■ **Task statement**
Please repeat, precisely as written, only the lines from the one containing "this 1600×1200 image." through the last line of the records below, pictures omitted.

[Material shown — start]

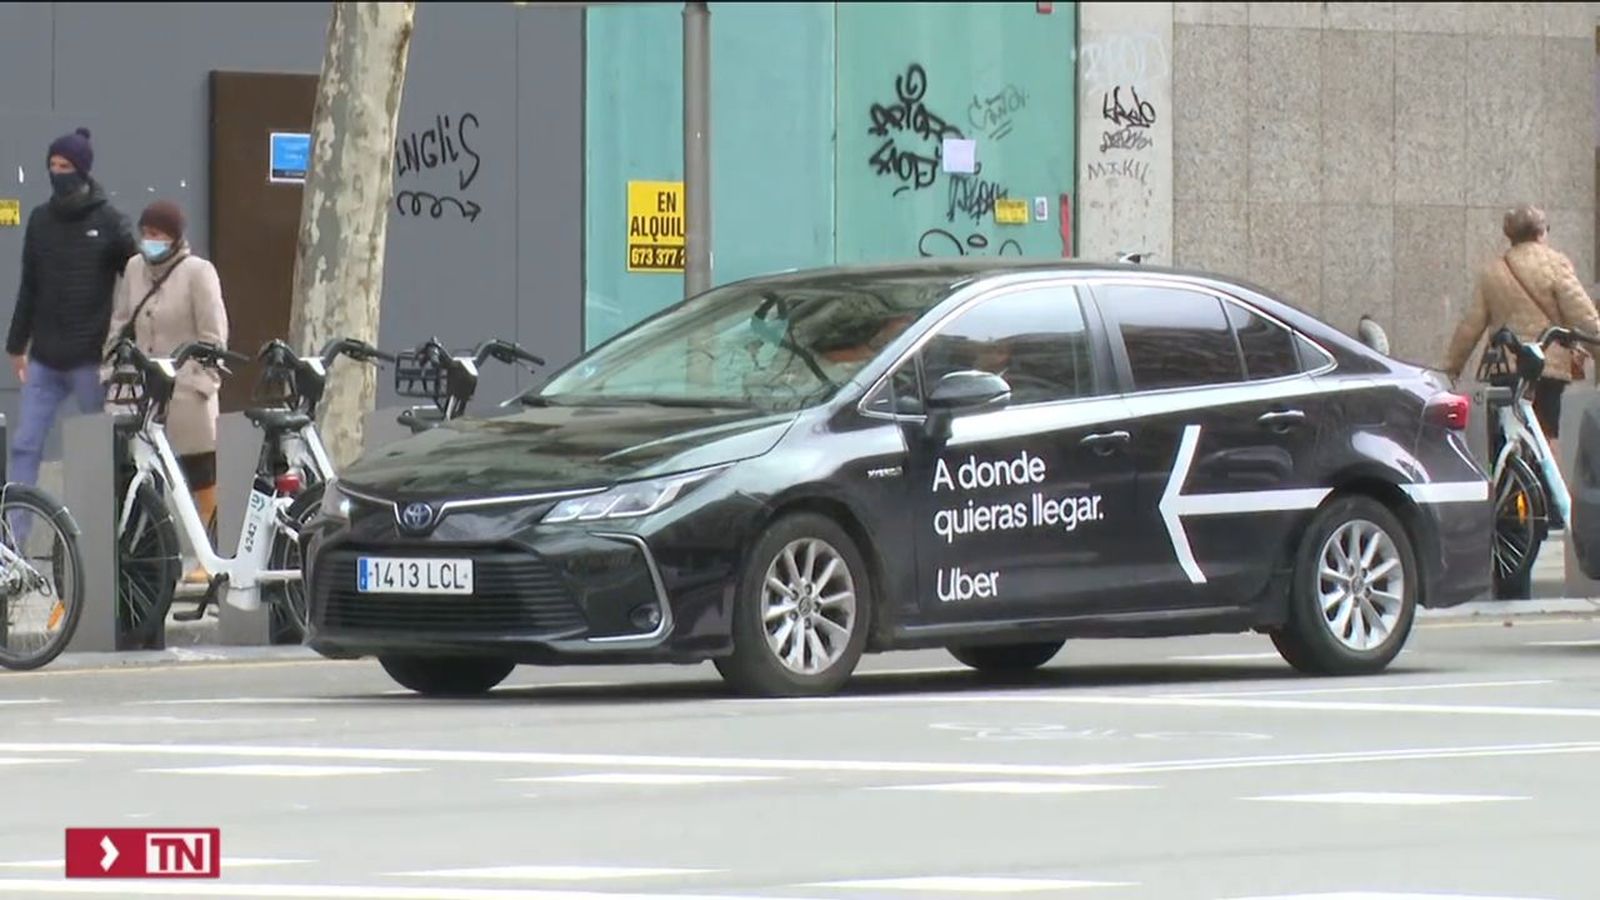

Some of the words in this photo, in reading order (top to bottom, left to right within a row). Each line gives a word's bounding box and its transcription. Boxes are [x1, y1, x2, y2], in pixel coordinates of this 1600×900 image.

[658, 192, 676, 212] EN
[632, 248, 654, 265] 673
[656, 249, 677, 265] 377
[932, 458, 955, 491] A
[958, 450, 1046, 489] donde
[934, 499, 1028, 544] quieras
[1032, 493, 1104, 531] llegar.
[375, 562, 420, 588] 1413
[427, 563, 465, 589] LCL
[937, 567, 1000, 602] Uber
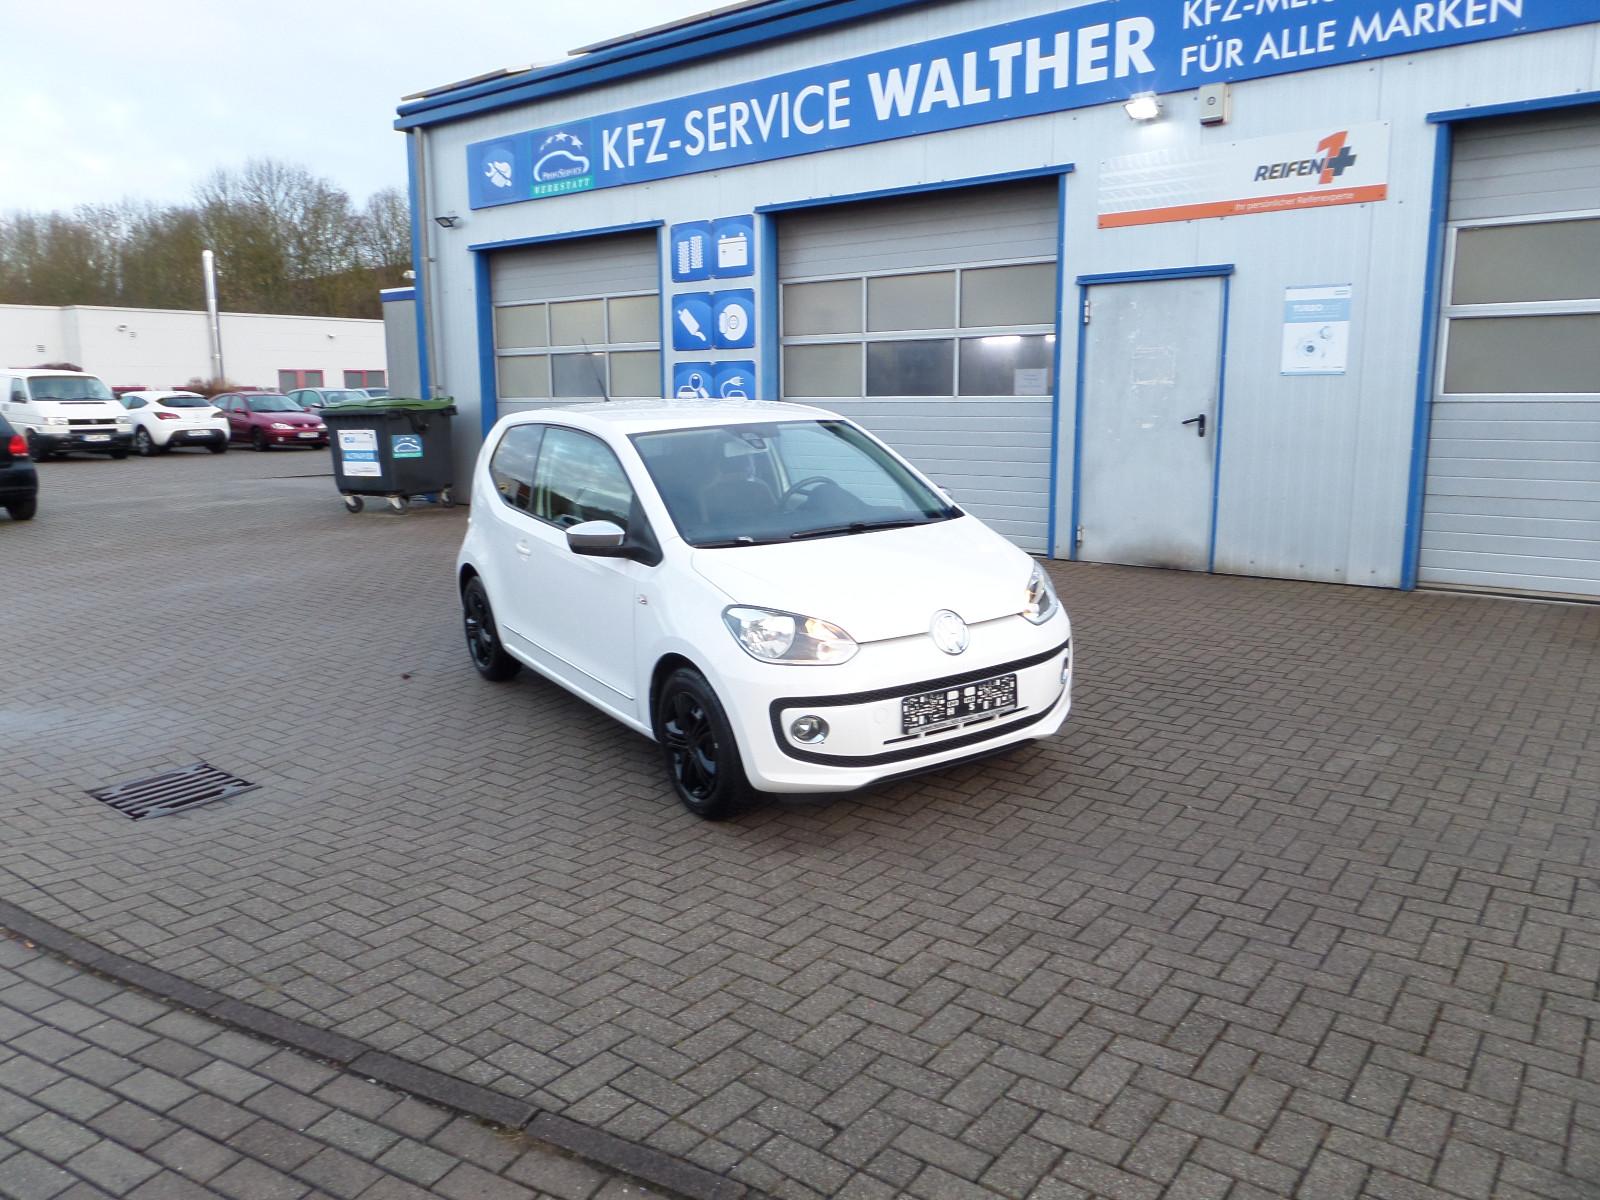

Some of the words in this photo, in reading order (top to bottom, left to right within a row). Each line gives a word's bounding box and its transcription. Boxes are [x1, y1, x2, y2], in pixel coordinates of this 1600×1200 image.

[602, 79, 852, 171] KFZ-SERVICE
[868, 16, 1156, 120] WALTHER
[1180, 34, 1244, 76] FÜR
[1253, 19, 1337, 66] ALLE
[1347, 0, 1523, 48] MARKEN
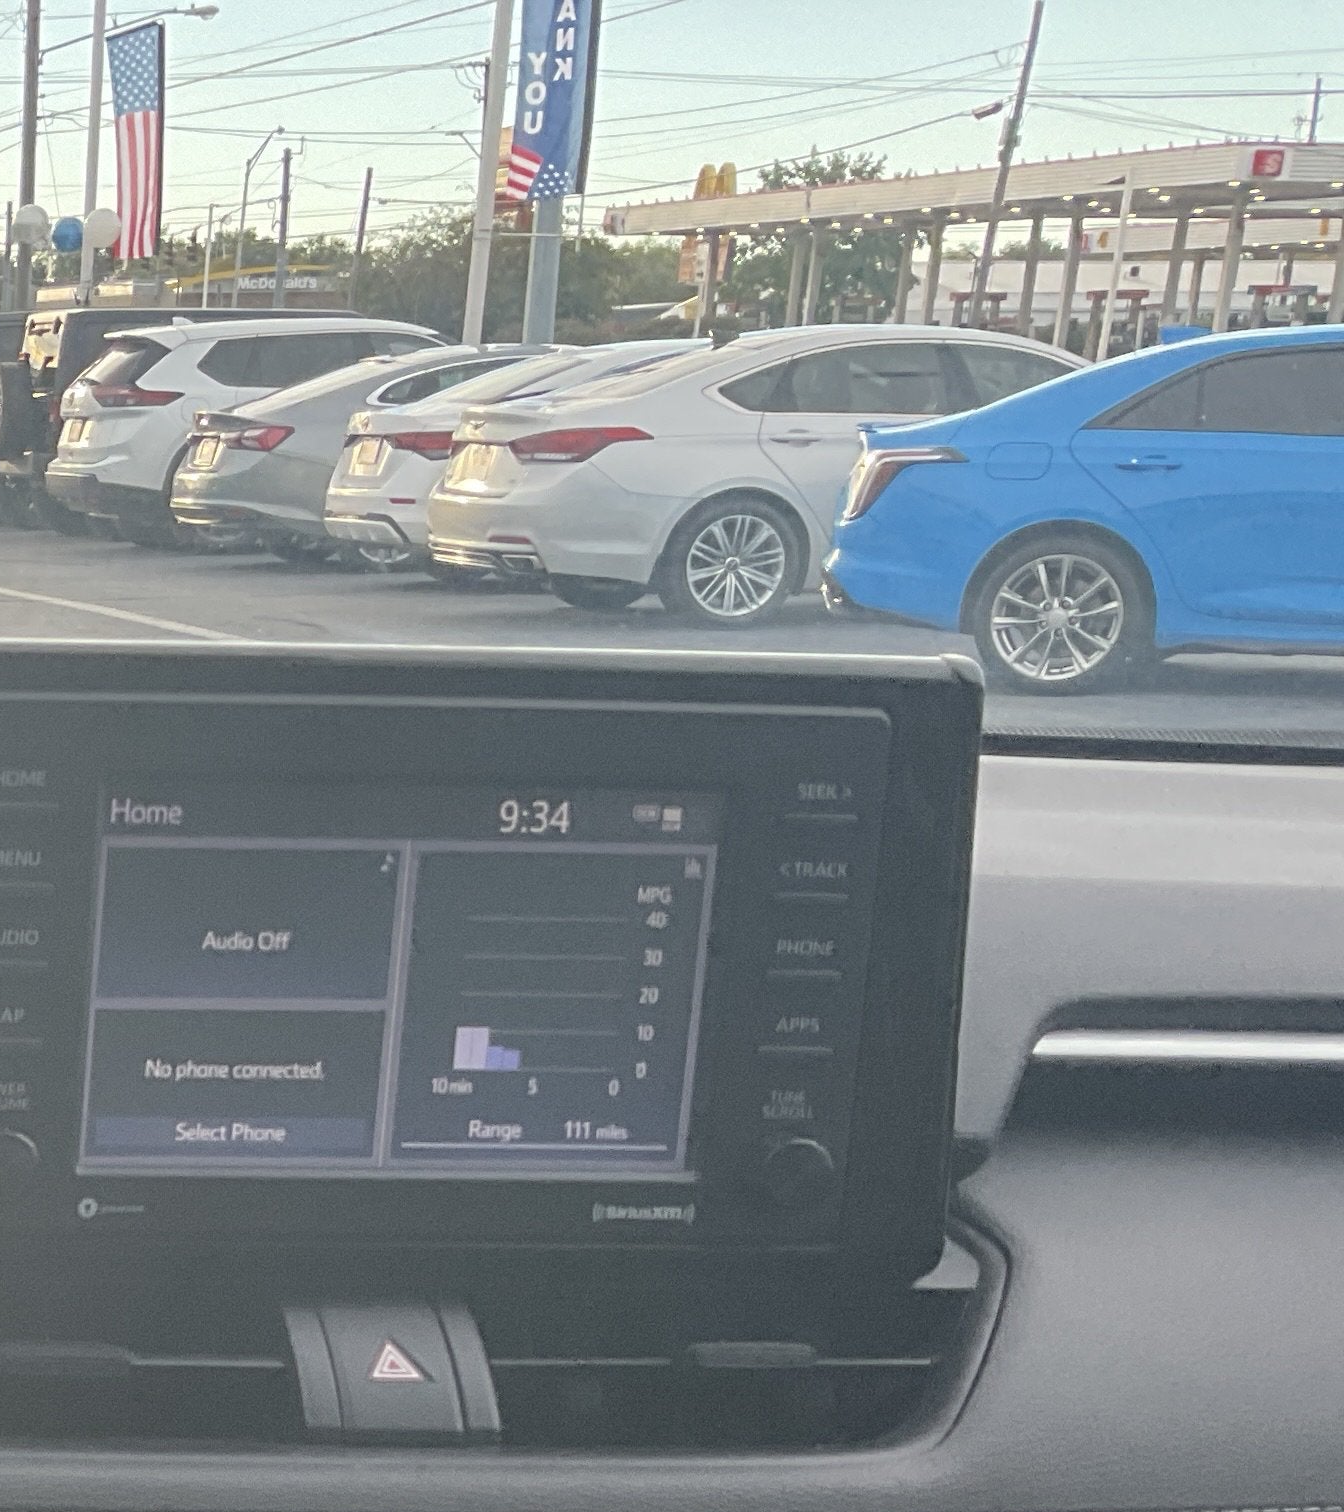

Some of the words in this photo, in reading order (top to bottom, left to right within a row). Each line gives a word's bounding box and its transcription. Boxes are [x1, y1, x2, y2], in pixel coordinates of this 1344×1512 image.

[Material shown — finish]

■ **Output of the exercise**
Some of the words in this photo, in reading order (top to bottom, left to right within a row). Each line gives a word's bounding box and its transcription. Boxes are [x1, y1, x2, y2], in pixel coordinates of this 1600×1200 image.

[602, 79, 852, 171] KFZ-SERVICE
[868, 16, 1156, 120] WALTHER
[1180, 34, 1244, 76] FÜR
[1253, 19, 1337, 66] ALLE
[1347, 0, 1523, 48] MARKEN

Some of the words in this photo, in reading order (top to bottom, left to right within a row). Each line gives a word's bounding box and its transcription. Boxes are [x1, y1, x2, y2], in pixel coordinates of this 1344×1512 image.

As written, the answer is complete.